%%

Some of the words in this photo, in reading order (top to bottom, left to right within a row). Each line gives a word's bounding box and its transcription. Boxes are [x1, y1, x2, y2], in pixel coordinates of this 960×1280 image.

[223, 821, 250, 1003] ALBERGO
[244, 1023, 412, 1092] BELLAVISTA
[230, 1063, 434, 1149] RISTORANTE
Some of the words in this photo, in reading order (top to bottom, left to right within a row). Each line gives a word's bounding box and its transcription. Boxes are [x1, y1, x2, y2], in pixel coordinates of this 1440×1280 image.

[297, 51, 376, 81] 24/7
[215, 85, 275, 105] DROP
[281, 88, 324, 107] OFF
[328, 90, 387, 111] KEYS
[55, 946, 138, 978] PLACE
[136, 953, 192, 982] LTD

%%

*EXERCISE INSTRUCTIONS*: Nothing is to be left out. Repeat the whole listing exactly.

*WRITTEN REPLY*:
Some of the words in this photo, in reading order (top to bottom, left to right within a row). Each line gives a word's bounding box and its transcription. Boxes are [x1, y1, x2, y2], in pixel coordinates of this 960×1280 image.

[223, 821, 250, 1003] ALBERGO
[244, 1023, 412, 1092] BELLAVISTA
[230, 1063, 434, 1149] RISTORANTE
Some of the words in this photo, in reading order (top to bottom, left to right within a row). Each line gives a word's bounding box and its transcription. Boxes are [x1, y1, x2, y2], in pixel coordinates of this 1440×1280 image.

[297, 51, 376, 81] 24/7
[215, 85, 275, 105] DROP
[281, 88, 324, 107] OFF
[328, 90, 387, 111] KEYS
[55, 946, 138, 978] PLACE
[136, 953, 192, 982] LTD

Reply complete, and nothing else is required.